Liz was very unfortunate and suffered a great deal. But her experience of illness and recovery holds many lessons for the rest of us. Here are some of the points I have taken from it.

  1. Do what the physio says. They may require you to make only small movements but regularly done you will soon see the difference. The improvement is incremental – the more you do, the better you get. Remember, you have to make an effort yourself to get better, as just resting will not do it. 
  1. Sleep a lot. We all know sleep is importantwhen we’re sick, but it bears repeating. Getting plenty of rest is a way of conserving your strength for the all-important process of recovering and bouncing back from an illness.
  1. Stay positive. This is easier said than done when everything you know about yourself has changed. Try applying the equation E+R=O (events + response = outcome) – the illness event happened there is nothing you can do about that – however, the way you respond will affect the outcome. You can decide to respond positively or negatively, and the outcome will reflect this.

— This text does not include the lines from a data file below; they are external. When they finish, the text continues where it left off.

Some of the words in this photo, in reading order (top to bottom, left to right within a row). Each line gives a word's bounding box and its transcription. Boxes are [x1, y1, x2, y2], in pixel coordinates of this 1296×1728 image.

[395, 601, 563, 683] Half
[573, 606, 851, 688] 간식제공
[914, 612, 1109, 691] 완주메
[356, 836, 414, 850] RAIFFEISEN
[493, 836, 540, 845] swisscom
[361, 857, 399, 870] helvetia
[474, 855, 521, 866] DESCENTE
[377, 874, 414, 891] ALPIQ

  1. Friends & family. Let your friends and family help you – reach out and don’t be afraid to ask for support both physically and mentally. Some people are natural carers and others fearful of illness, but they may well respond positively to being asked to do something.

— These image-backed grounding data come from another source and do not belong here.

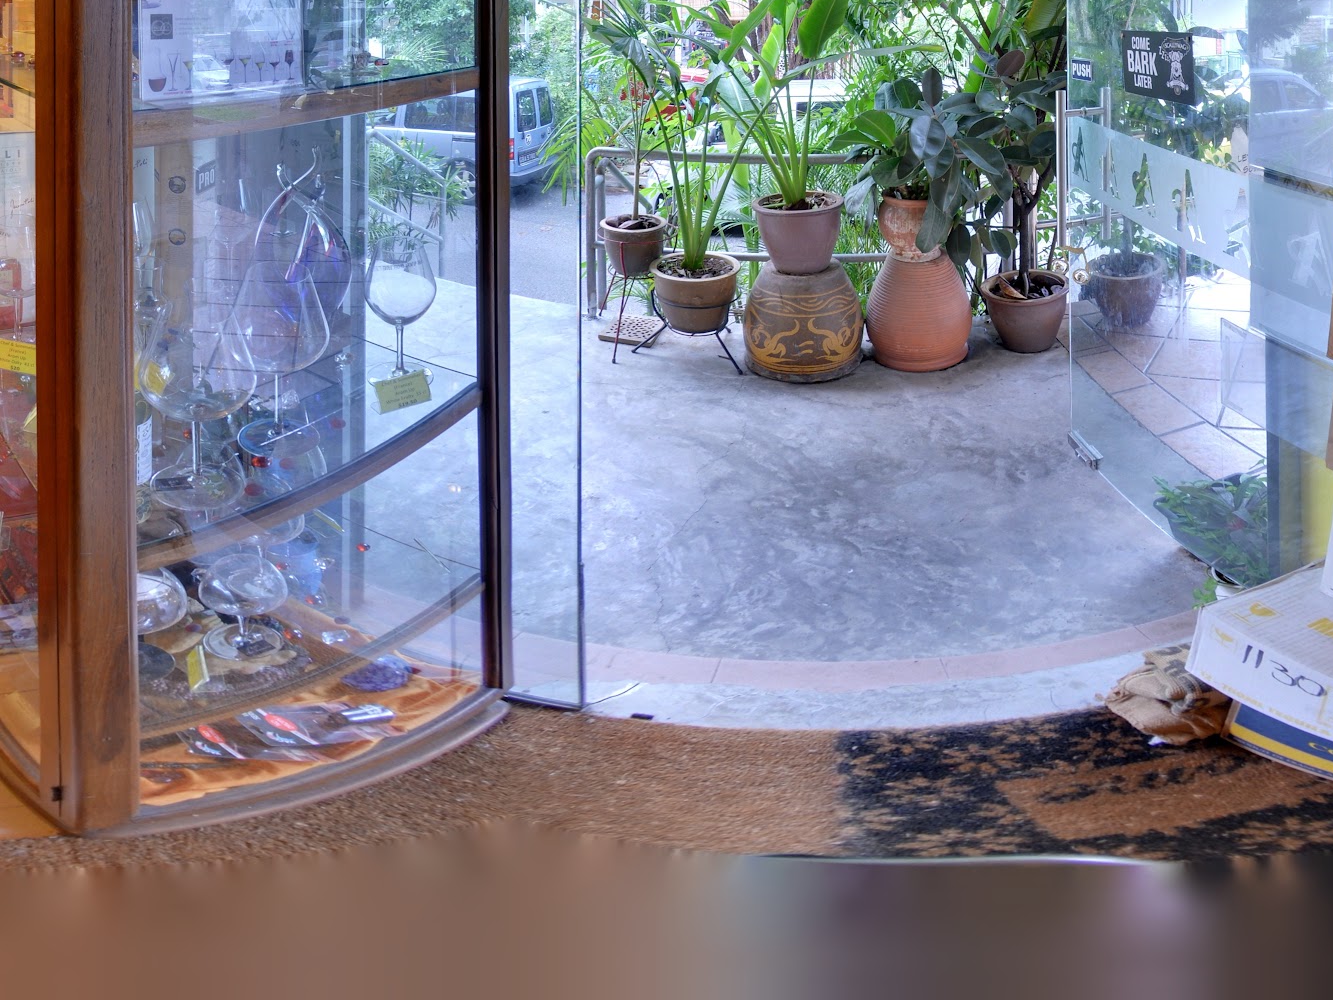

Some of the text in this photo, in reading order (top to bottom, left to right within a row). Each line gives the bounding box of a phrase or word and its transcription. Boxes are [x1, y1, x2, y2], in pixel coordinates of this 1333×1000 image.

[1131, 36, 1151, 51] COME
[1072, 62, 1092, 78] PUSH
[1127, 50, 1158, 76] BARK
[1134, 74, 1153, 90] LATER
[198, 168, 215, 188] PRO
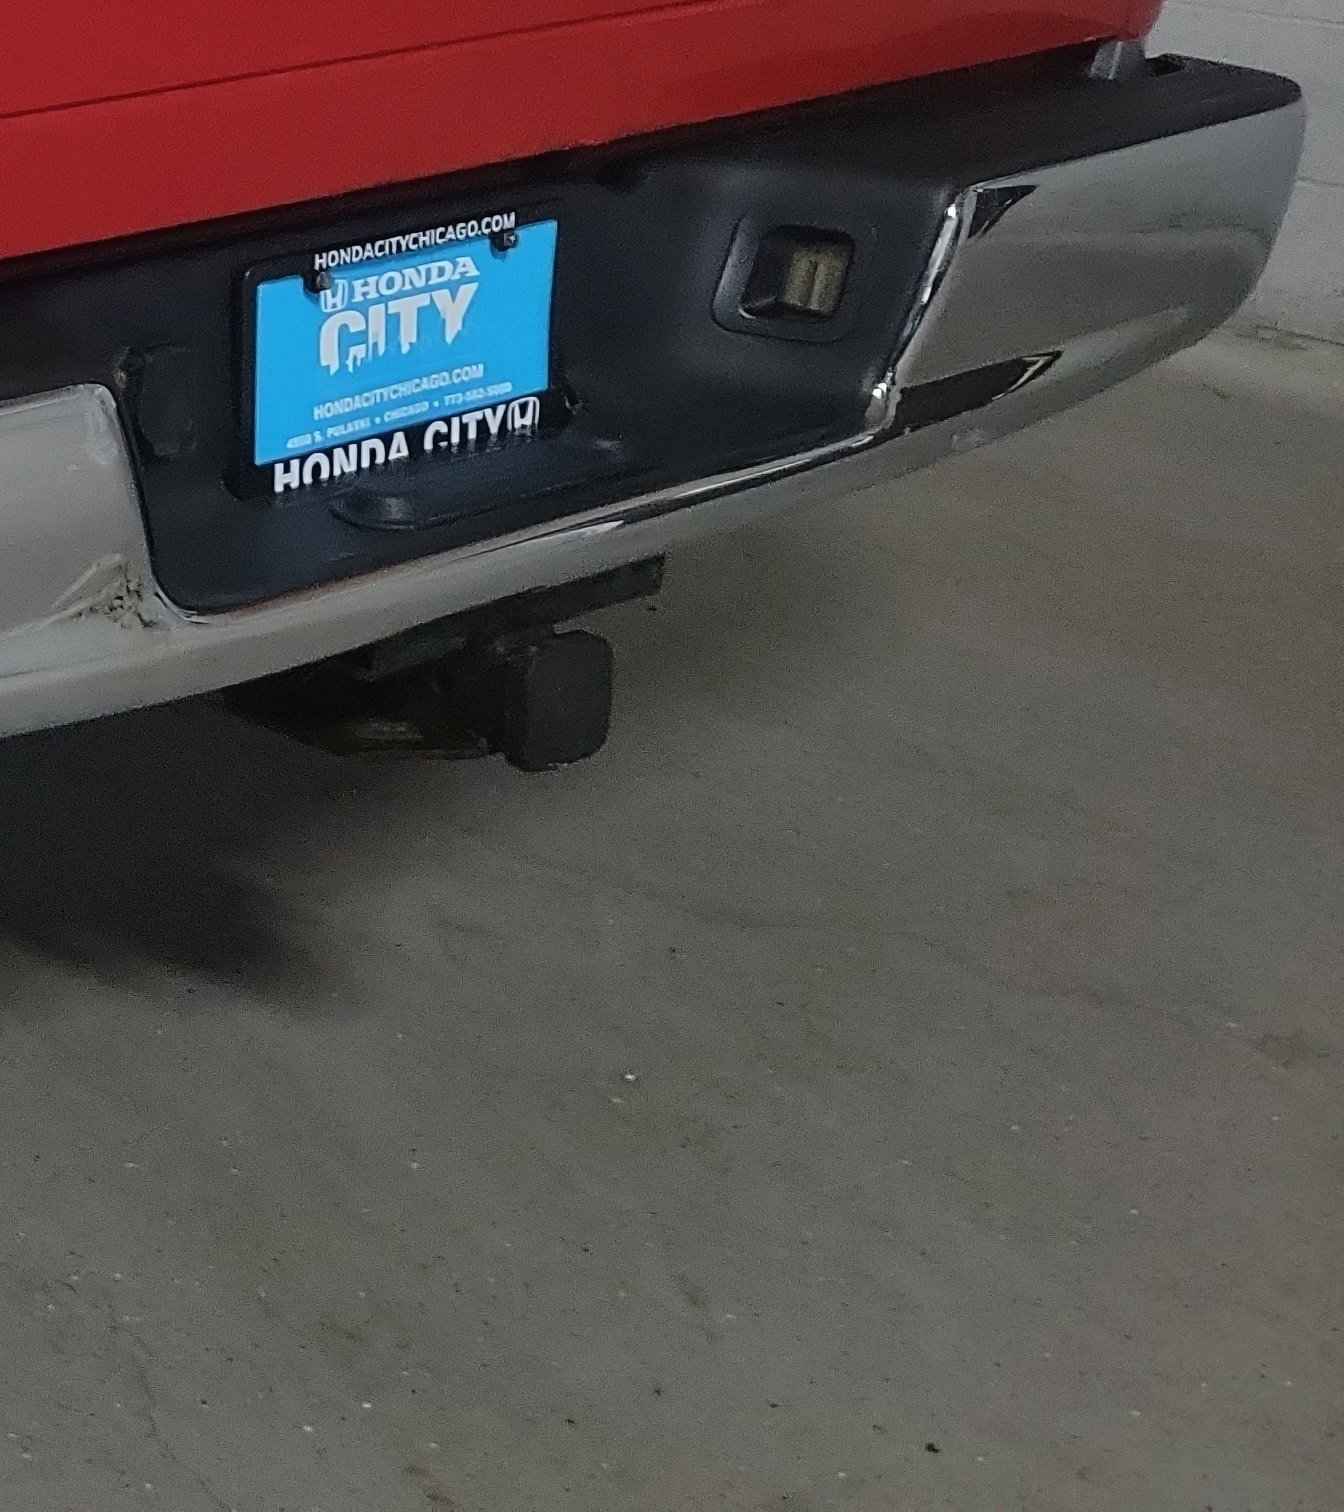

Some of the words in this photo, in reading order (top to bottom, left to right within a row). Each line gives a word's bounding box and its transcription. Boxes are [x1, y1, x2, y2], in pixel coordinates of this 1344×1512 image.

[314, 212, 516, 272] HONDACITYCHICAGO.COM
[350, 256, 481, 303] HONDA
[319, 282, 480, 377] CITY
[313, 363, 485, 421] HONDACITYCHICAGO.COM
[274, 431, 410, 494] HONDA
[424, 404, 506, 455] CITY

  1. Get outside. Lots of research is now proving what many of us intuitively feel – that going outside is good for our health. It doesn’t matter if you’re at a park, in the woods, or in your garden, being in nature can have a calming effect and improve your mental and physical health.
  1. Plan things. Make sure that you have things to look forward to. Even the smallest of goals is important: each one builds ambition for the larger ones, and you will soon enjoy the process of filling your diary and anticipating the events.

I wish us all good health but it is as well to think, talk and prepare ourselves just in case.